▶ _Exercise description_:
Could the records below please be retyped exactly, with their pictures left out?
*** Data listing ***
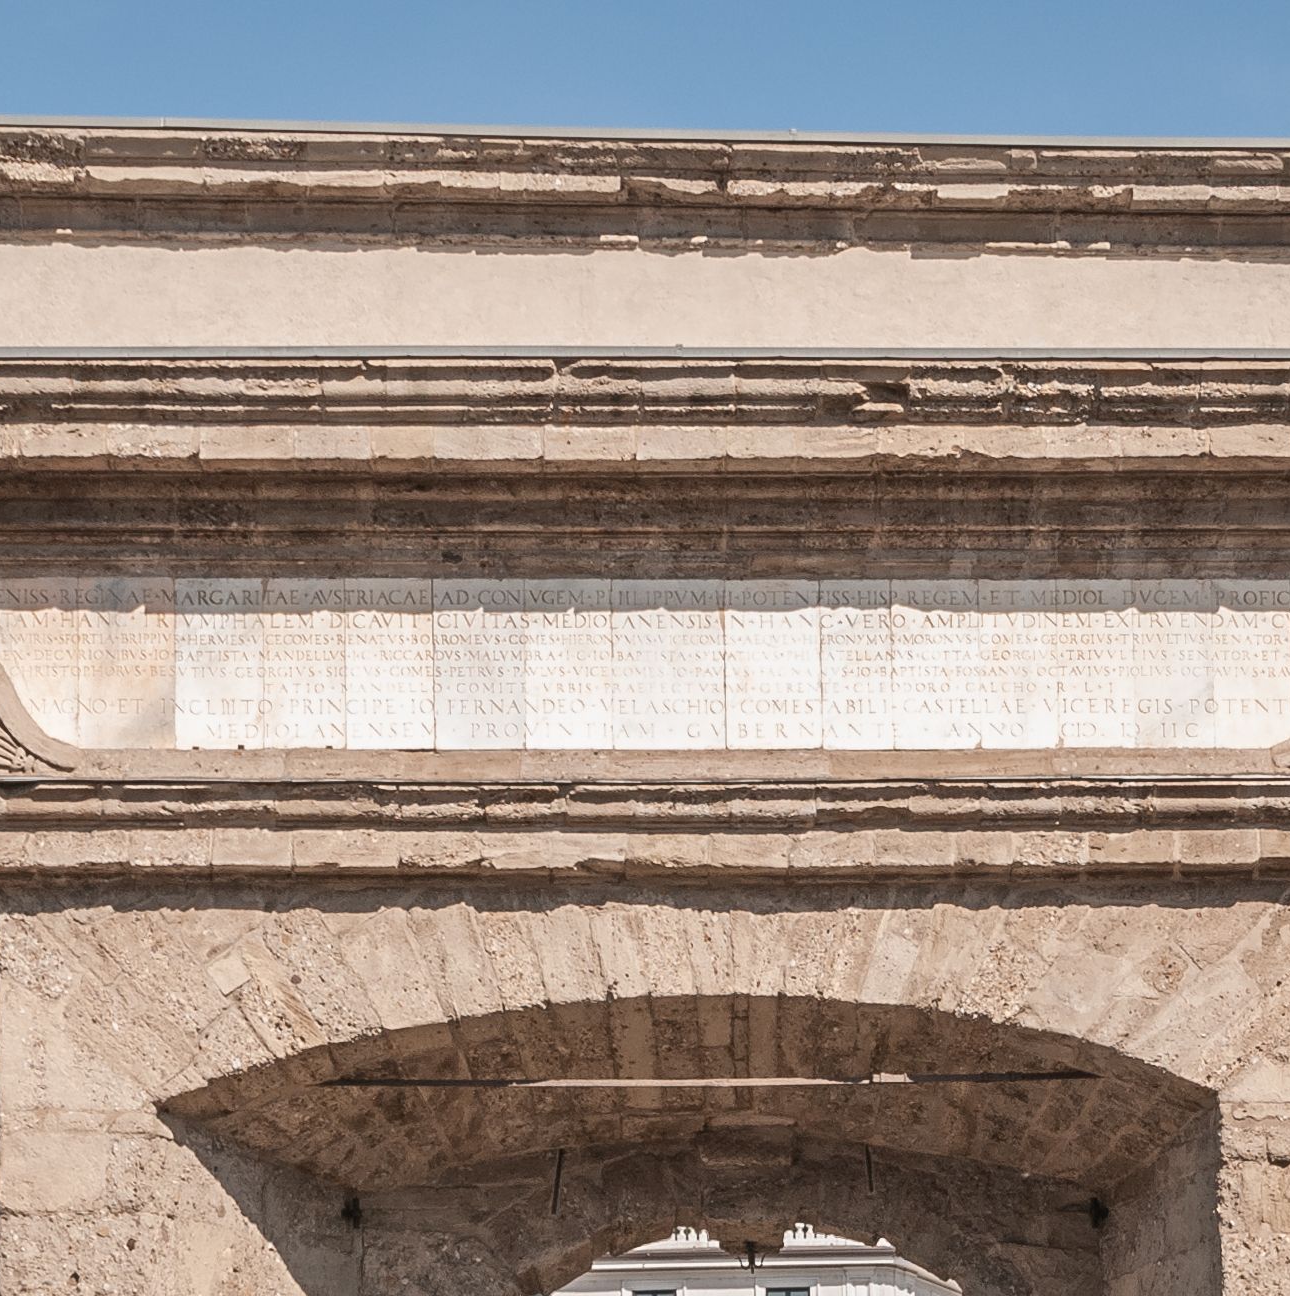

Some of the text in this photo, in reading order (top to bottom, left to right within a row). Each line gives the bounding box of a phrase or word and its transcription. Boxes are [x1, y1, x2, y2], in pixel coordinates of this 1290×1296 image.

[59, 589, 153, 605] REGINAE
[161, 589, 299, 605] MARGARITAE
[310, 589, 428, 605] AVSTRIACAE
[440, 589, 469, 605] AD
[857, 589, 898, 605] HISP
[908, 589, 979, 605] REGEM
[990, 589, 1021, 605] ET
[1031, 589, 1109, 605] MEDIOL
[1122, 589, 1200, 605] DVCEM
[60, 614, 127, 629] HANC
[329, 614, 419, 629] DICAVIT
[437, 614, 530, 629] CIVITAS
[542, 614, 711, 629] MEDIOLANENSIS
[759, 614, 833, 629] HANC
[845, 614, 906, 629] VERO
[59, 633, 115, 645] SFORTIA
[188, 633, 245, 645] HERMES
[336, 633, 405, 645] RENATVS
[411, 633, 501, 645] BORROMEVS
[508, 633, 556, 645] COMES
[980, 633, 1032, 645] COMES
[1042, 633, 1113, 645] GEORGIVS
[1215, 633, 1282, 645] SENATOR
[34, 649, 147, 661] DECVRIONIBVS
[176, 649, 249, 661] BAPTISTA
[1261, 649, 1279, 661] ET
[449, 667, 505, 678] PETRVS
[117, 698, 143, 715] ET
[289, 698, 396, 715] PRINCIPE
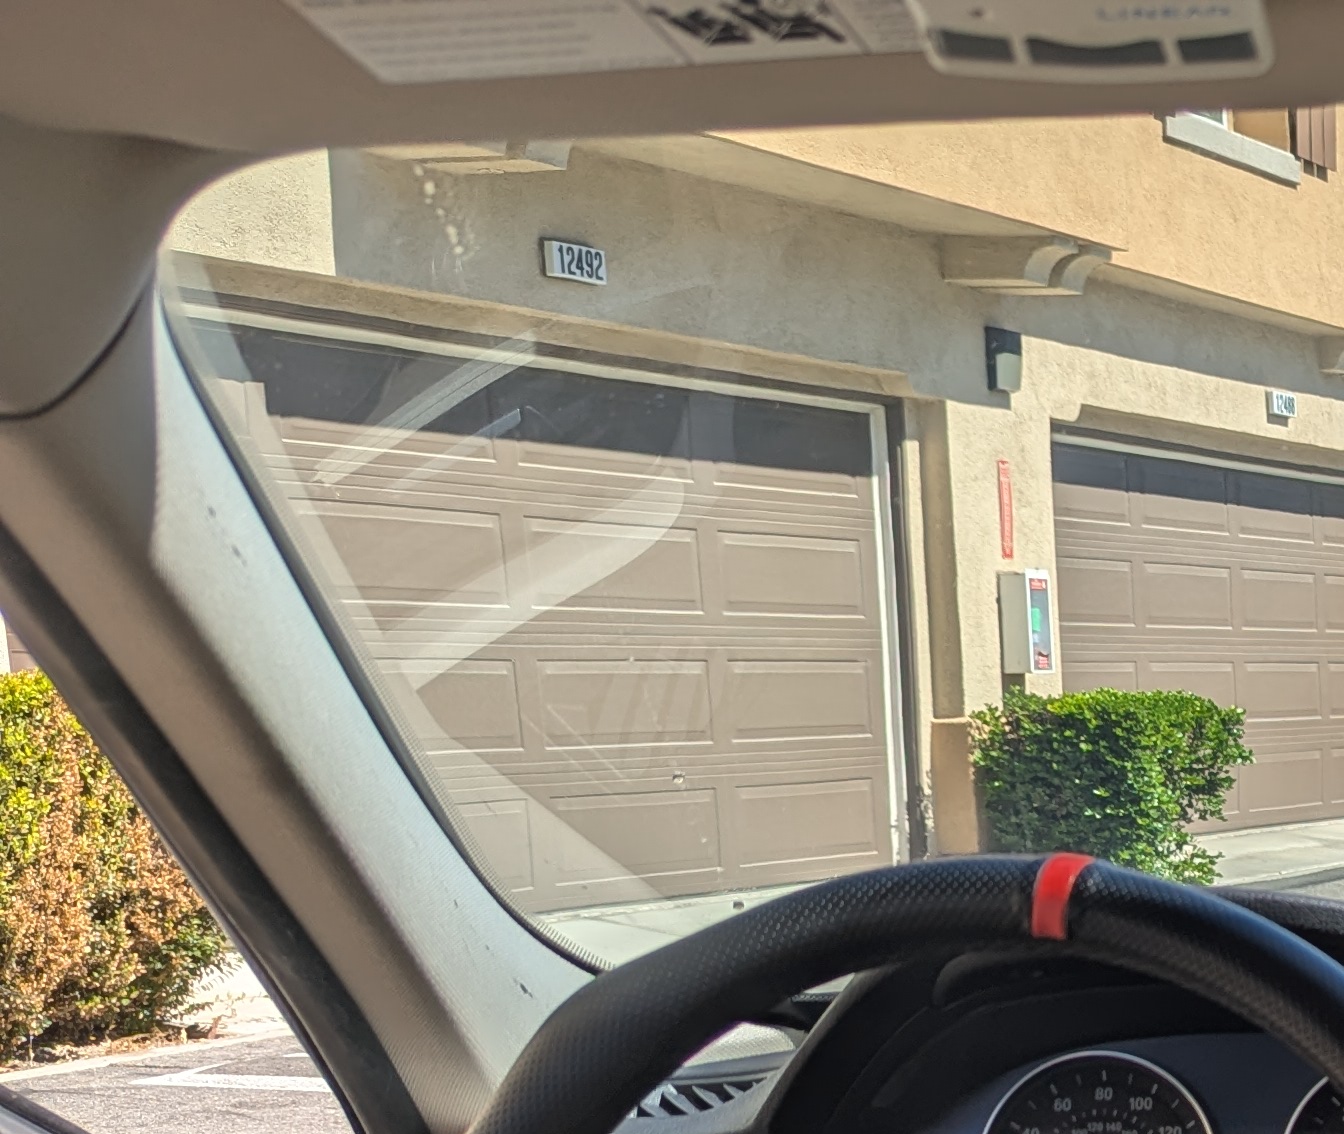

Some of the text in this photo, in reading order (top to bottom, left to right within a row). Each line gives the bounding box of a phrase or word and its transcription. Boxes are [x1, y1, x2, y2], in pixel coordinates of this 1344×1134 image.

[558, 244, 604, 281] 12492
[1095, 1086, 1113, 1101] 80
[1054, 1097, 1072, 1112] 60
[1129, 1096, 1153, 1111] 100
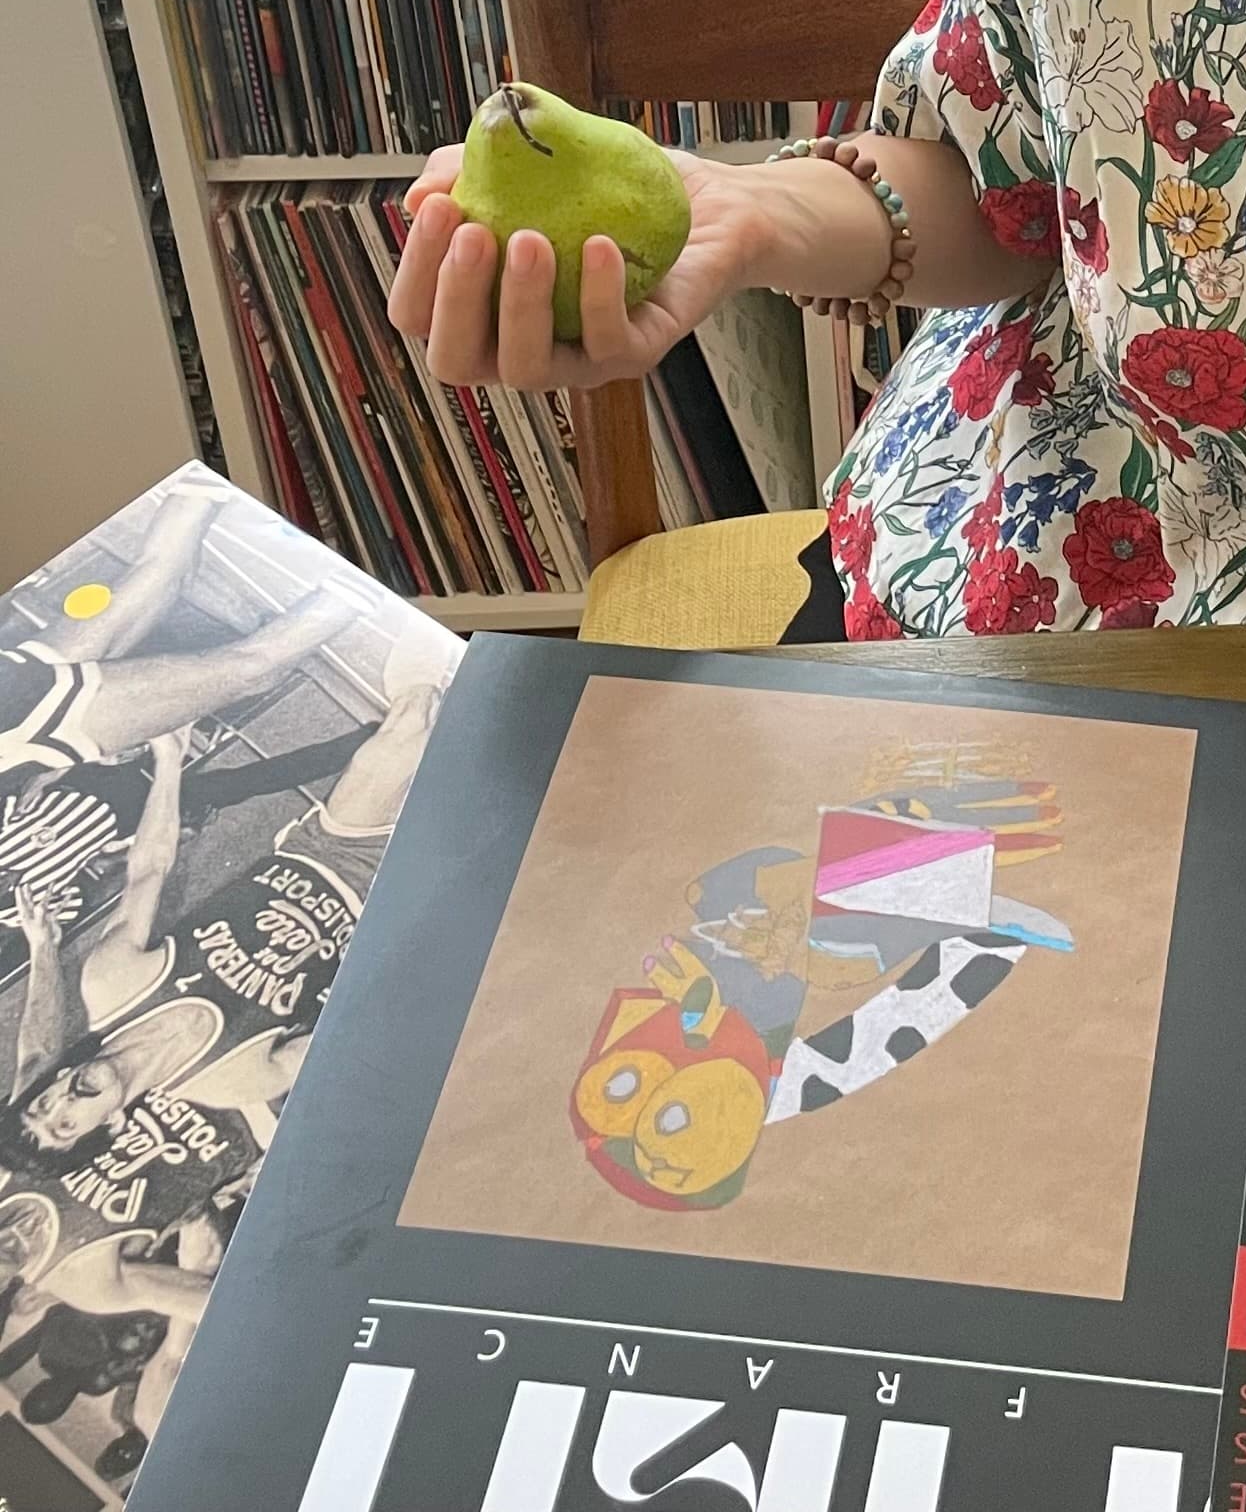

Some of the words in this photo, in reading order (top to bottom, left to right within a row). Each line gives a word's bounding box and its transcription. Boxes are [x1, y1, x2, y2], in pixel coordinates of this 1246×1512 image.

[193, 920, 308, 1016] PANTERAS
[253, 947, 279, 966] DE
[256, 899, 336, 975] Lara
[175, 972, 203, 993] 7
[108, 1107, 188, 1180] Lar
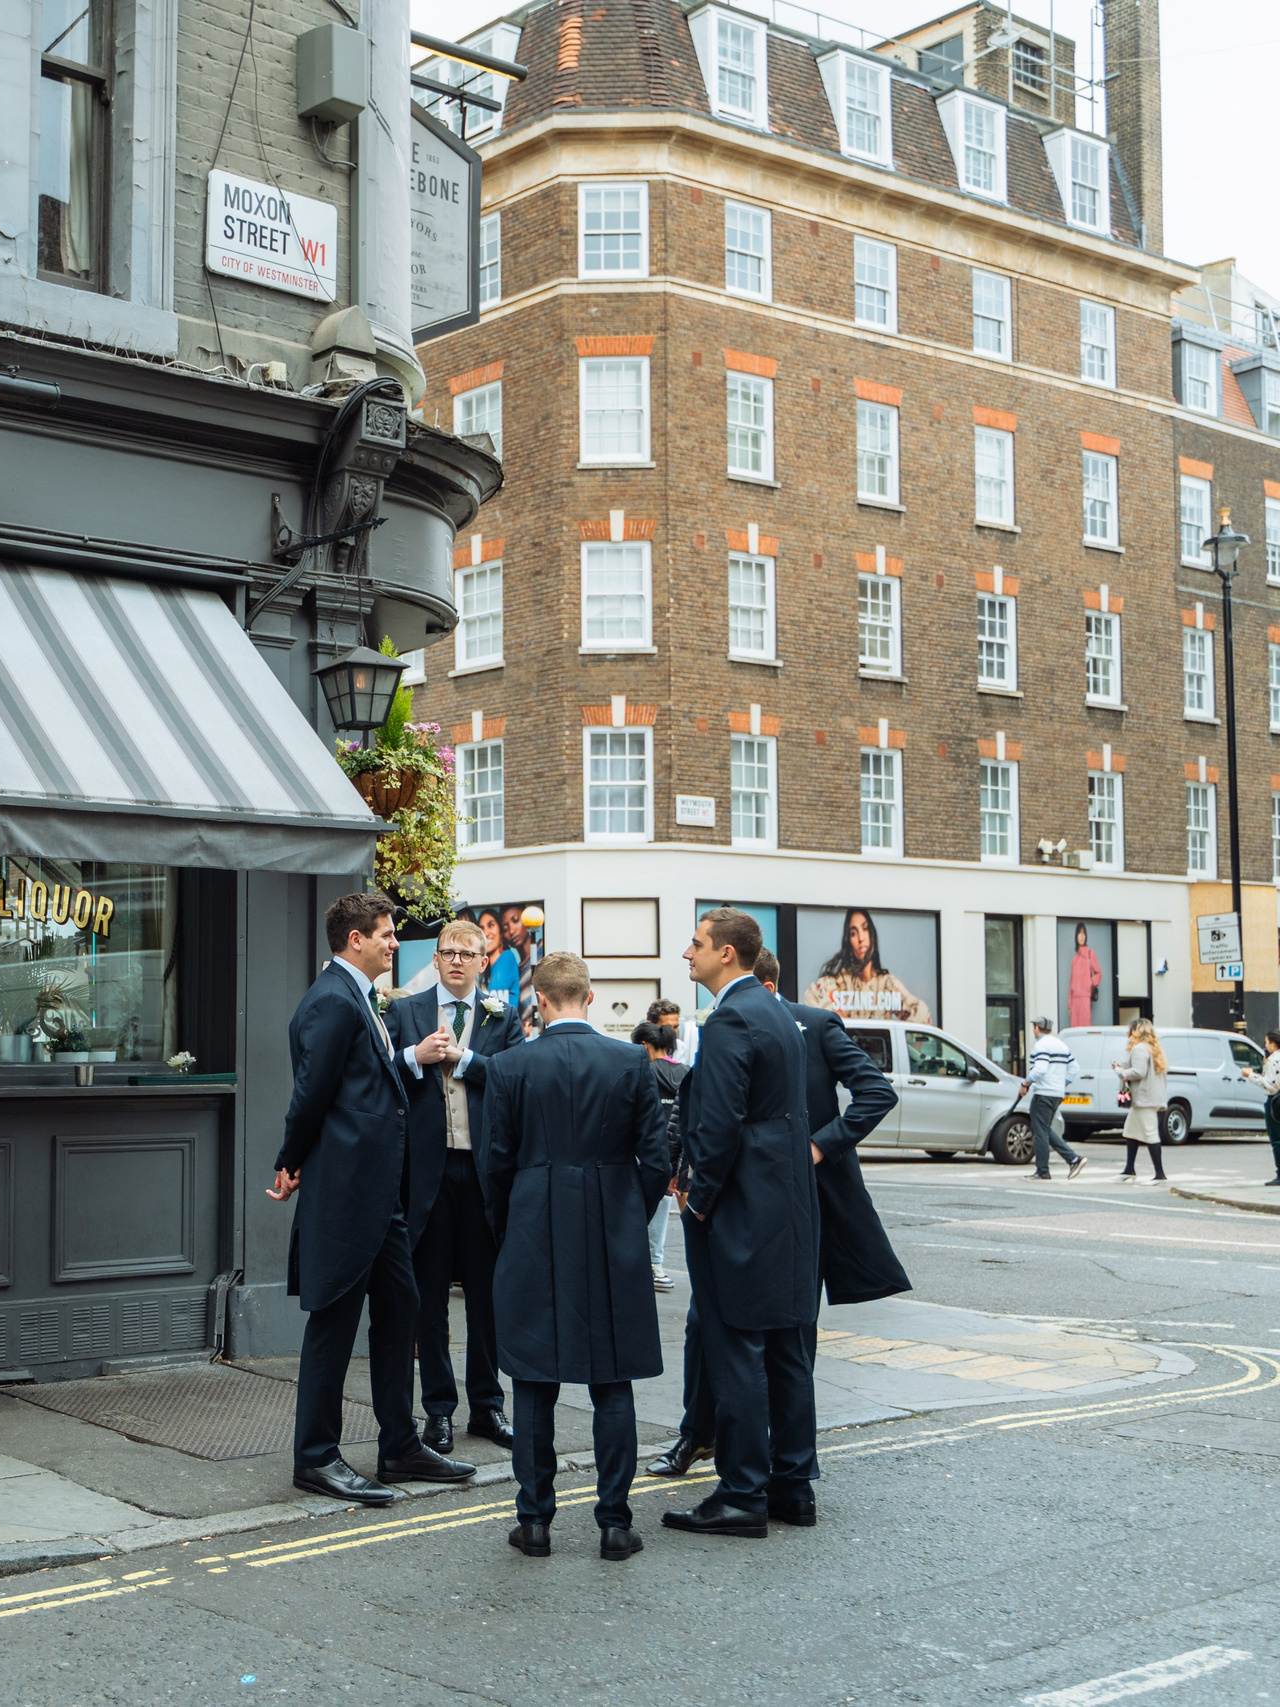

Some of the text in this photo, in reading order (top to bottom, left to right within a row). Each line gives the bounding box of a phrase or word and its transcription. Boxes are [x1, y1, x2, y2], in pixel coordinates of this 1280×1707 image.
*** End of Data listing ***
▶ _Result for this task_:
Some of the text in this photo, in reading order (top to bottom, left to right within a row). Each line gives the bounding box of a phrase or word and its transcription. Boxes are [x1, y1, x2, y2], in pixel coordinates of this 1290×1296 image.

[59, 589, 153, 605] REGINAE
[161, 589, 299, 605] MARGARITAE
[310, 589, 428, 605] AVSTRIACAE
[440, 589, 469, 605] AD
[857, 589, 898, 605] HISP
[908, 589, 979, 605] REGEM
[990, 589, 1021, 605] ET
[1031, 589, 1109, 605] MEDIOL
[1122, 589, 1200, 605] DVCEM
[60, 614, 127, 629] HANC
[329, 614, 419, 629] DICAVIT
[437, 614, 530, 629] CIVITAS
[542, 614, 711, 629] MEDIOLANENSIS
[759, 614, 833, 629] HANC
[845, 614, 906, 629] VERO
[59, 633, 115, 645] SFORTIA
[188, 633, 245, 645] HERMES
[336, 633, 405, 645] RENATVS
[411, 633, 501, 645] BORROMEVS
[508, 633, 556, 645] COMES
[980, 633, 1032, 645] COMES
[1042, 633, 1113, 645] GEORGIVS
[1215, 633, 1282, 645] SENATOR
[34, 649, 147, 661] DECVRIONIBVS
[176, 649, 249, 661] BAPTISTA
[1261, 649, 1279, 661] ET
[449, 667, 505, 678] PETRVS
[117, 698, 143, 715] ET
[289, 698, 396, 715] PRINCIPE

Some of the text in this photo, in reading order (top to bottom, left to right within a row). Each line gives the bounding box of a phrase or word and its transcription. Boxes are [x1, y1, x2, y2], in pixel coordinates of this 1344×1134 image.

[558, 244, 604, 281] 12492
[1095, 1086, 1113, 1101] 80
[1054, 1097, 1072, 1112] 60
[1129, 1096, 1153, 1111] 100

Some of the words in this photo, in reading order (top to bottom, left to right within a row). Each line gives a word's bounding box and its transcription. Boxes are [x1, y1, x2, y2], in pixel coordinates of this 1246×1512 image.

[193, 920, 308, 1016] PANTERAS
[253, 947, 279, 966] DE
[256, 899, 336, 975] Lara
[175, 972, 203, 993] 7
[108, 1107, 188, 1180] Lar

Some of the text in this photo, in reading order (top to bottom, left to right within a row). Each line gives the bounding box of a phrase or word and its transcription. Boxes are [x1, y1, x2, y2], in pixel coordinates of this 1280×1707 image.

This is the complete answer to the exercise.